In humans, nifedipine is commonly given as immediate release (10 mg, 3 times daily) or extended release systems (30–60 mg, once daily) for the treatment of hypertension. While the comparison between the doses used in humans with those of mice in this study are difficult, the data in this study shows that even a sub-pressor dose of nifedipine can prevent the development of AAA. Therefore further studies into the anti-AAA effect of nifedipine in humans are warranted.

In conclusion, this study shows that oral treatment with nifedipine is highly effective in reducing the incidence of AAA in Ang II infused hph-1 mice, which is independent of its effects on blood pressure. This AAA protective effect can be at least partially attributed to an inhibition of Ang II driven NOX activation in vascular smooth muscle, which in turn prevents eNOS uncoupling. These confirm that eNOS uncoupling is an important mediator of AAA formation, and that nifedipine can serve as a powerful protective agent against development of AAA, given at low dose to AAA risk group, or at higher dose to patients with co-existing hypertension.
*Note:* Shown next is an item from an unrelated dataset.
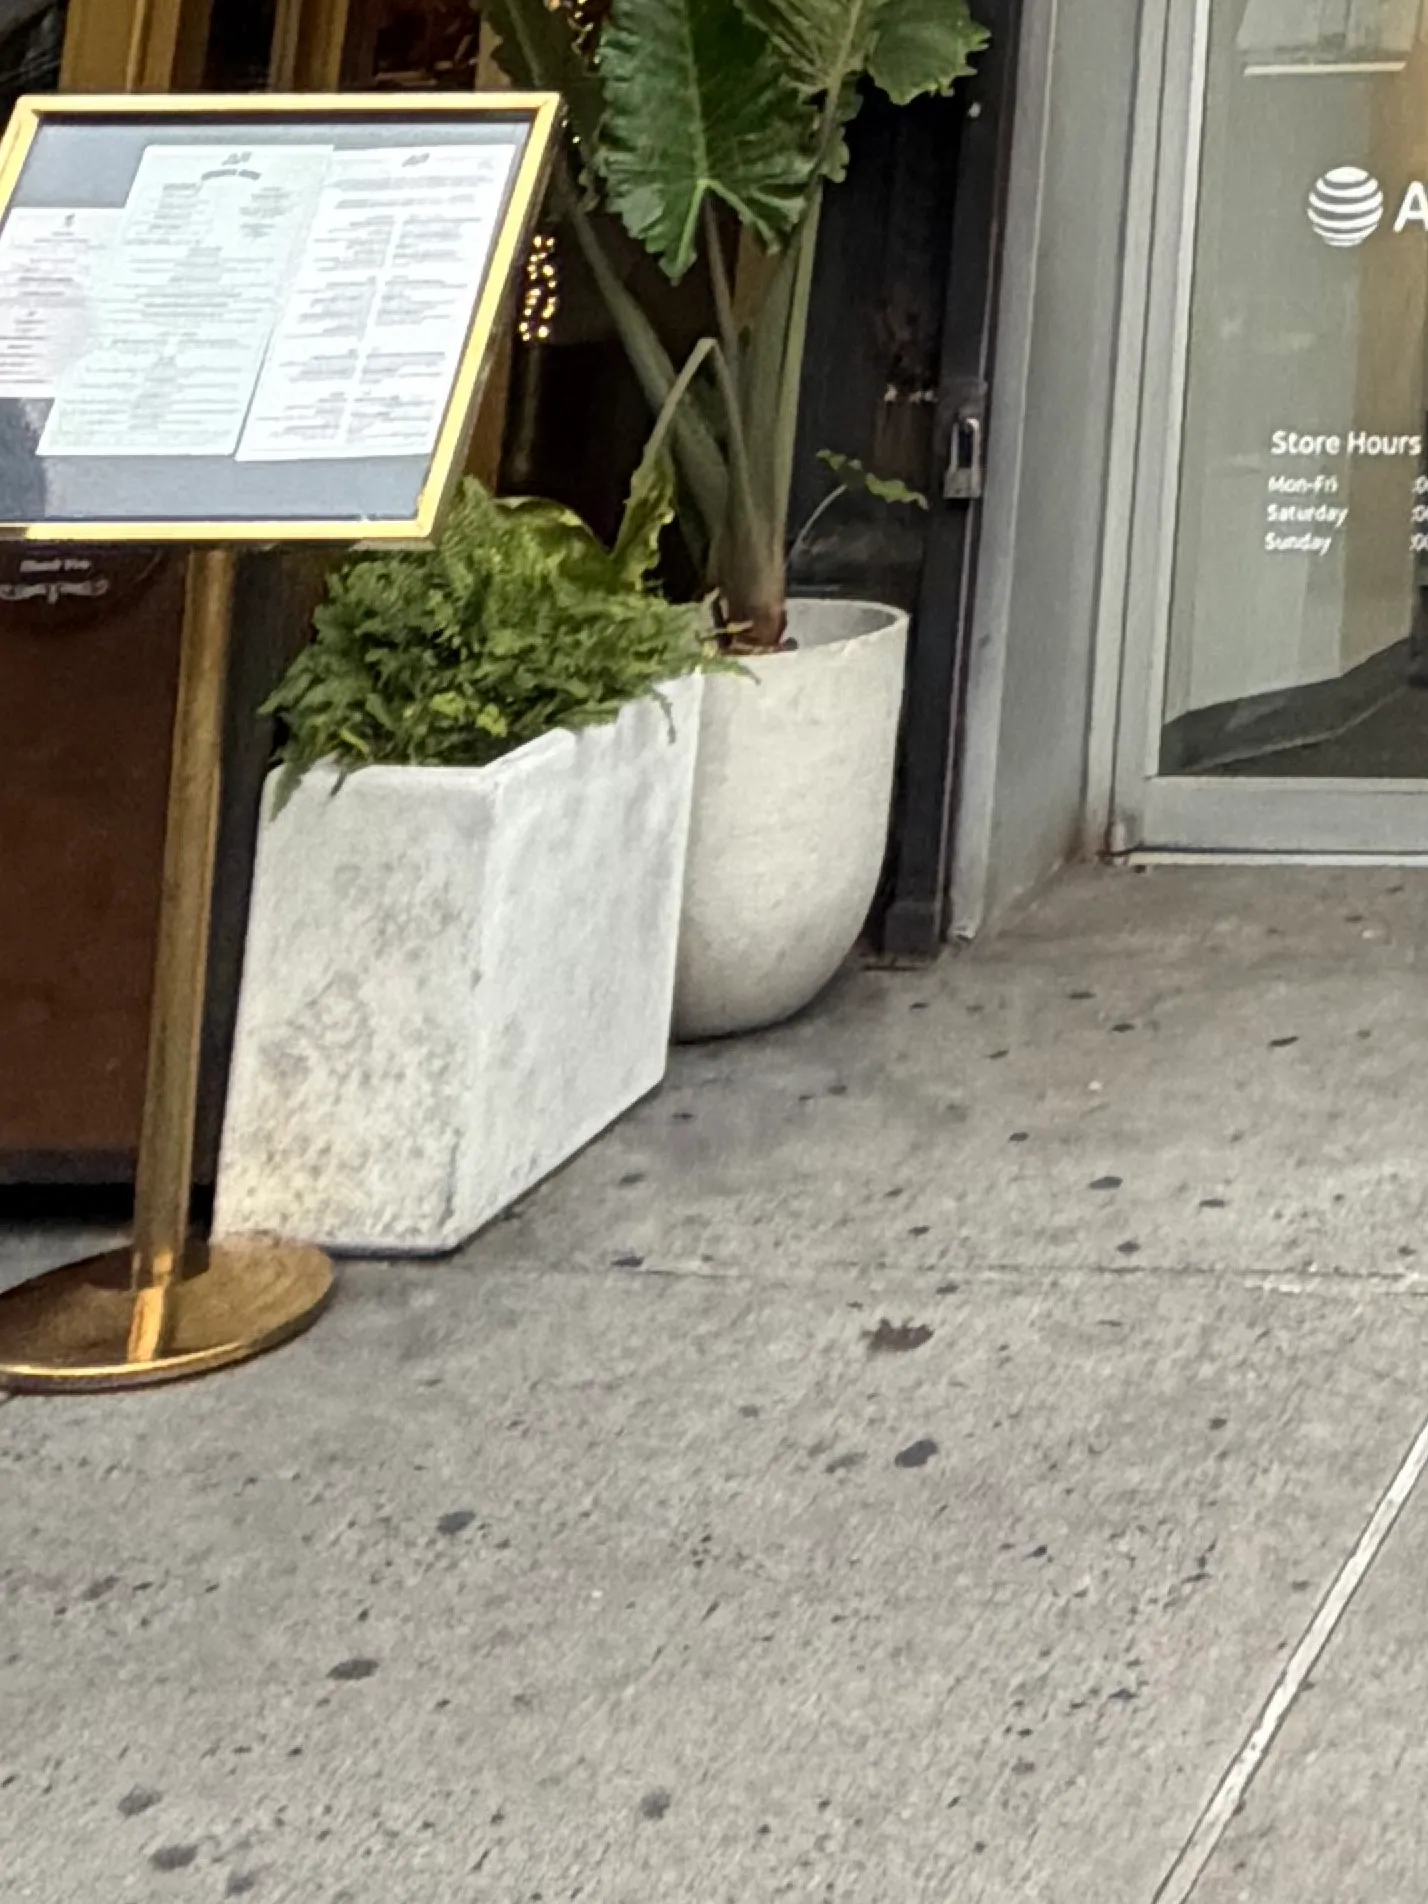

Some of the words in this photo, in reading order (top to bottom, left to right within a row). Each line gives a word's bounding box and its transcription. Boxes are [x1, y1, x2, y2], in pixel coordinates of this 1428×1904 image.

These findings are highly translational to support guided usage of nifedipine as an effective therapeutic for AAA, based on well defined molecular mechanisms.

Highlights.

  • Nifedipine prevents AAA at both a dose that lowers BP and one that has no effect on BP

  • Nifedipine prevents the pathological expansion and remodeling of the abdominal aorta

  • Nifedipine recouples eNOS, improves NO bioavailability, and improves DHFR expression

  • Nifedipine reduces NOX derived superoxide production in both ECs and SMCs

  • Nifedipine may be used to prevent AAA in AAA risk group or in higher dose in hypertensive patients

Acknowledgments

This study was supported by National Institute of Health National Heart, Lung and Blood Institute (NHLBI) Grants HL077440 (HC), HL088975 (HC), HL108701 (HC, DGH), HL119968 (HC), and an American Heart Association (AHA) Established Investigator Award (EIA) 12EIA8990025 (HC).

Footnotes

Disclosures

The authors have no conflicts of interest to disclose.